Due fabbriche per la produzione di calzature contraffatte con il falso marchio ‘Hogan’ e in cui lavoravano in nero diciannove persone sono state scoperte dalla Guardia di Finanza a Casaluce, per questo le Fiamme Gialle hanno denunciato due persone. L’intervento è scattato nell’ambito dell’operazione chiamata ”Dirty Illusion” contro il lavoro in nero e la contraffazione dei marchi famosi.

Le fabbriche sono state individuate in punti diversi ma collegate tra loro per gestire le varie fasi della lavorazione. All’interno delle fabbriche sono stati trovati, oltre al falso clichè Hogan, macchinari e attrezzature e molti accessori, come bottoni, lacci, sacchetti, tomaie ed altro. Durante l’operazione sono stati sequestrati 50.000 articoli contraffatti.

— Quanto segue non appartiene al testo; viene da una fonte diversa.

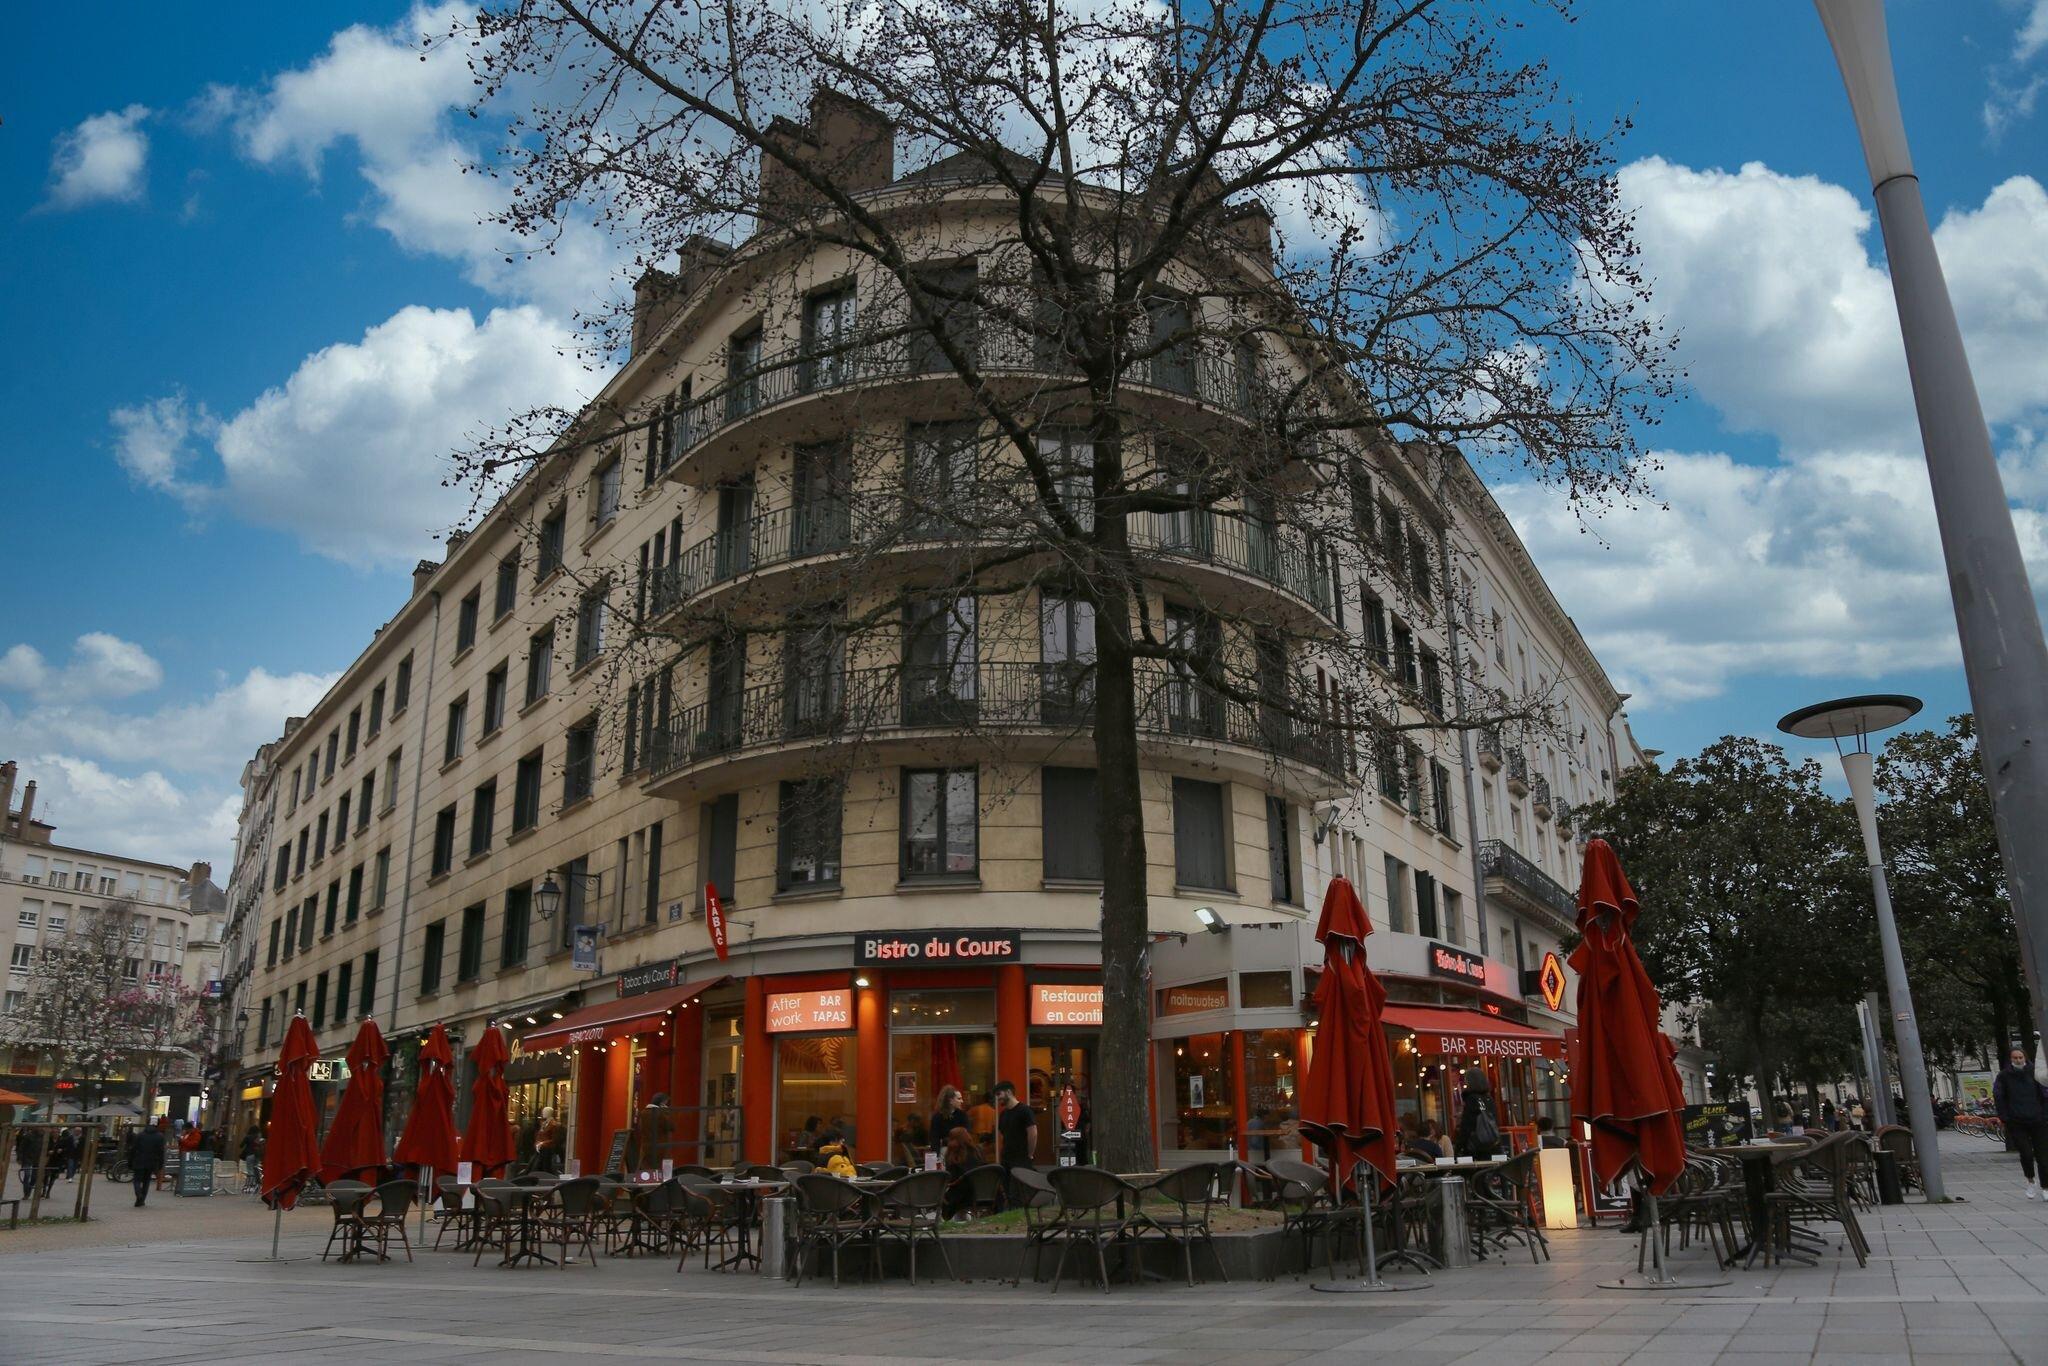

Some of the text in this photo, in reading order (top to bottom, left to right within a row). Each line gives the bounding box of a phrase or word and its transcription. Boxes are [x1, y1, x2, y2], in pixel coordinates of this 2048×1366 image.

I militari avrebbero accertato che i dipendenti ”in nero”, quasi tutti italiani, ricevevano una retribuzione mensile di circa 400 euro, senza alcun versamento di contributi previdenziali ed assistenziali, e lavoravano giornalmente quasi 10 ore di duro lavoro davanti ai macchinari. Difficile e’ stata anche l’identificazione di alcuni di questi lavoratori che, al momento del controllo erano senza documenti. I due responsabili degli opifici abusivi, C.A e G.F. rispettivamente di 43 e 37 anni, sono stati denunciati a piede libero. Sulla vicenda è intervenuto, con un plauso alla Gdf, anche il leader dell’Unione Industriali di Aversa Pasquale Pisano, l’esponente di Confindustria ha detto che questi episodi devono farci riflettere che devono contribuire a far emergere la qualità dei nostri prodotti.